* [WHAT TO WORK ON] The answer must be an exact copy of the records below, with every picture left out.

* [EXCERPTED RECORDS]
======

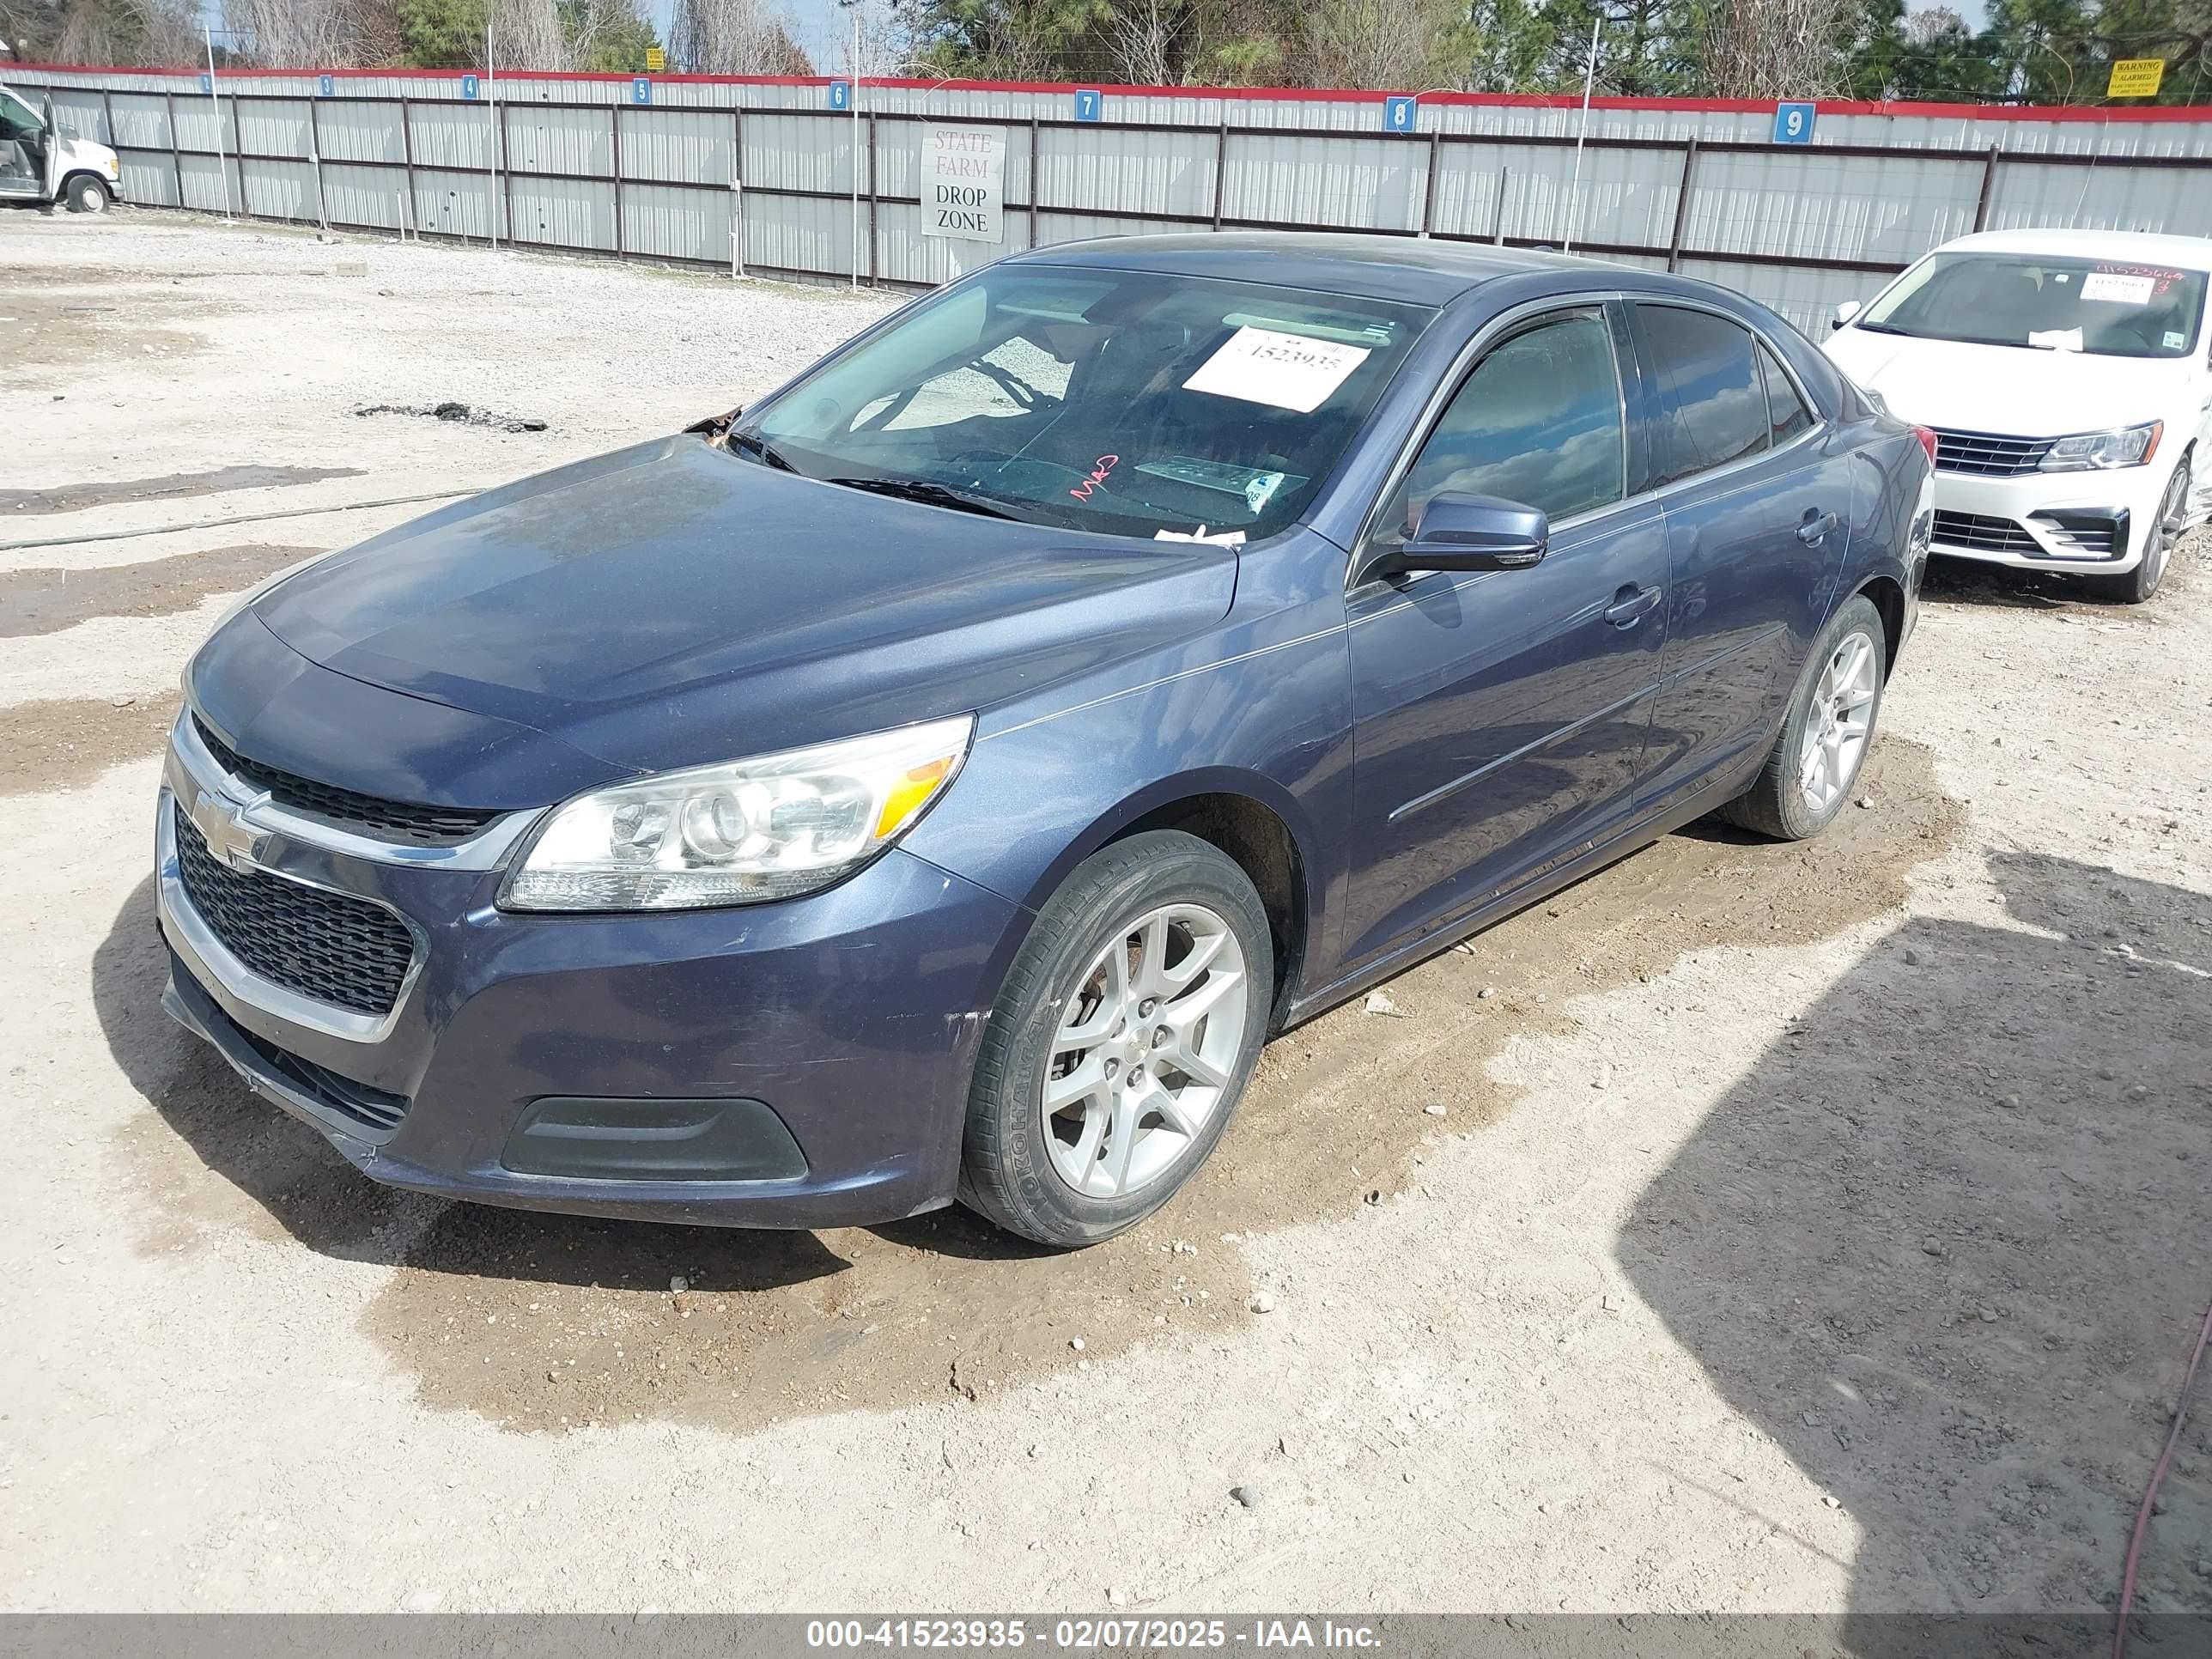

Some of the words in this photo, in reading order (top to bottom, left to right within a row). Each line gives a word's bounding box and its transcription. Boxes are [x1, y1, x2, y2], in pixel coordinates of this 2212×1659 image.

[2117, 62, 2159, 70] WARNING
[324, 78, 330, 93] 3
[466, 79, 473, 94] 4
[639, 82, 646, 100] 5
[835, 87, 842, 105] 6
[1083, 95, 1092, 115] 7
[1394, 103, 1406, 125] 8
[1787, 111, 1802, 136] 9
[934, 129, 992, 153] STATE
[935, 155, 988, 179] FARM
[935, 184, 987, 207] DROP
[937, 209, 988, 233] ZONE
[1247, 490, 1261, 502] 08
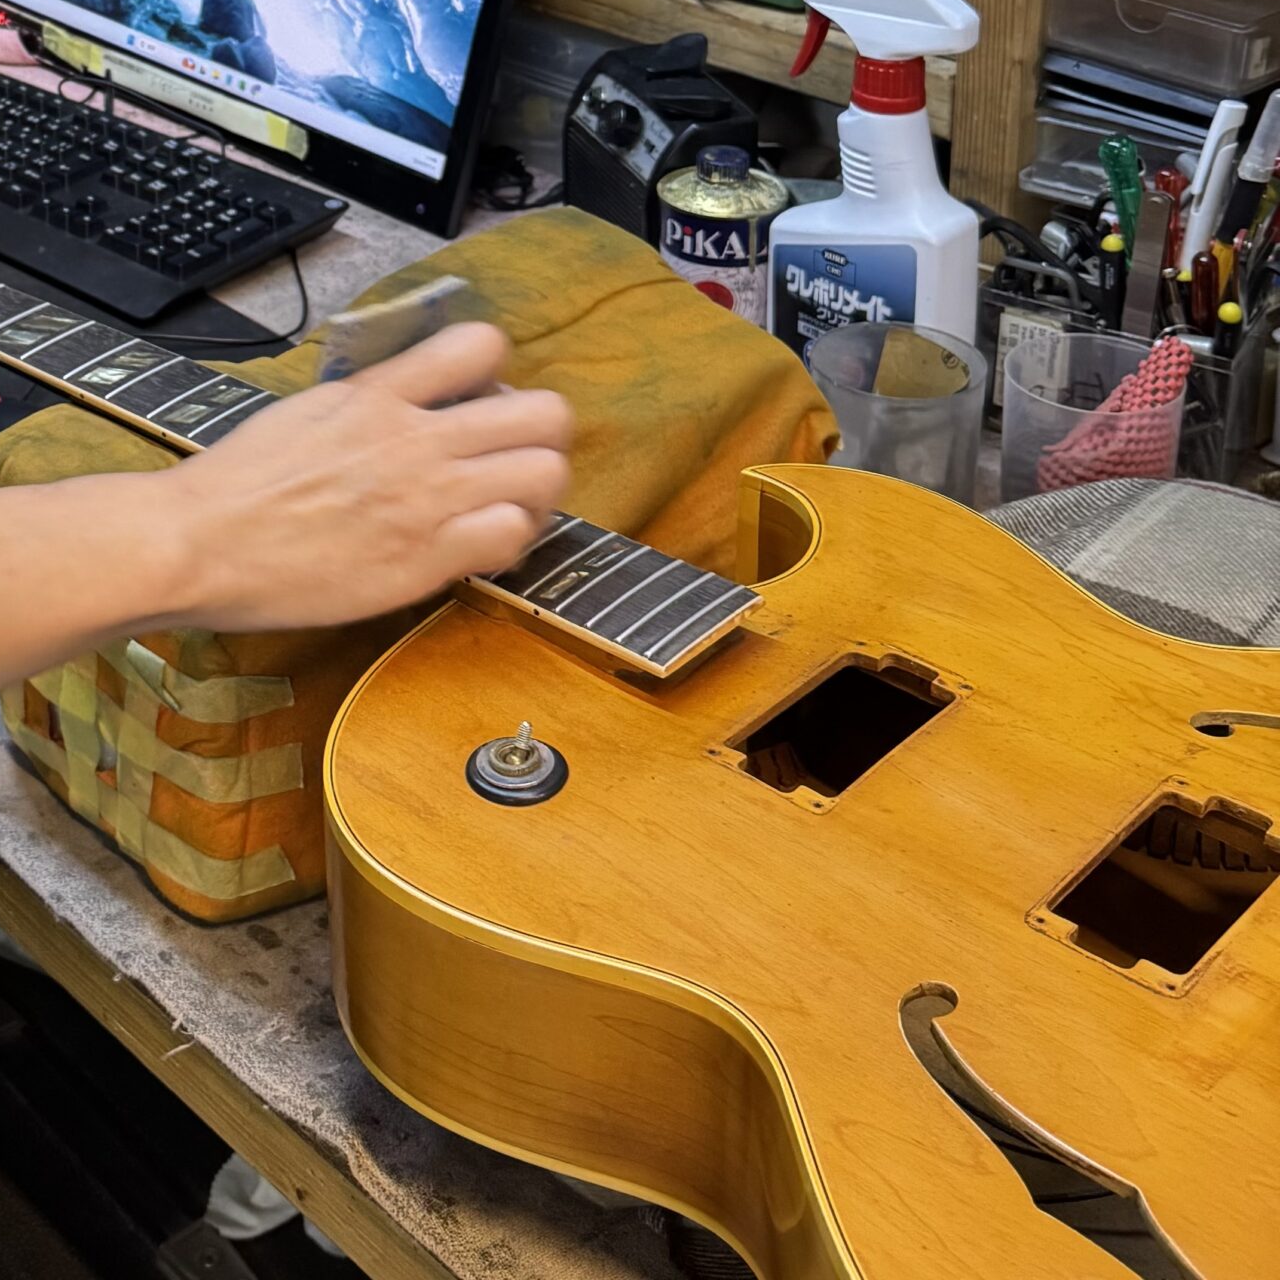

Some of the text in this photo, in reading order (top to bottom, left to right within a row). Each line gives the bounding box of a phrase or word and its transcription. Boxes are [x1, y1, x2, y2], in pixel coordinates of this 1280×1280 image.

[786, 263, 893, 322] クレポリメイト

======

* [FINISHED TASK]
Some of the words in this photo, in reading order (top to bottom, left to right within a row). Each line gives a word's bounding box and its transcription. Boxes are [x1, y1, x2, y2], in pixel coordinates of this 2212×1659 image.

[2117, 62, 2159, 70] WARNING
[324, 78, 330, 93] 3
[466, 79, 473, 94] 4
[639, 82, 646, 100] 5
[835, 87, 842, 105] 6
[1083, 95, 1092, 115] 7
[1394, 103, 1406, 125] 8
[1787, 111, 1802, 136] 9
[934, 129, 992, 153] STATE
[935, 155, 988, 179] FARM
[935, 184, 987, 207] DROP
[937, 209, 988, 233] ZONE
[1247, 490, 1261, 502] 08

Some of the text in this photo, in reading order (top to bottom, left to right within a row). Each line gives the bounding box of a phrase or word and its transcription. Boxes are [x1, y1, x2, y2], in pixel coordinates of this 1280×1280 image.

[786, 263, 893, 322] クレポリメイト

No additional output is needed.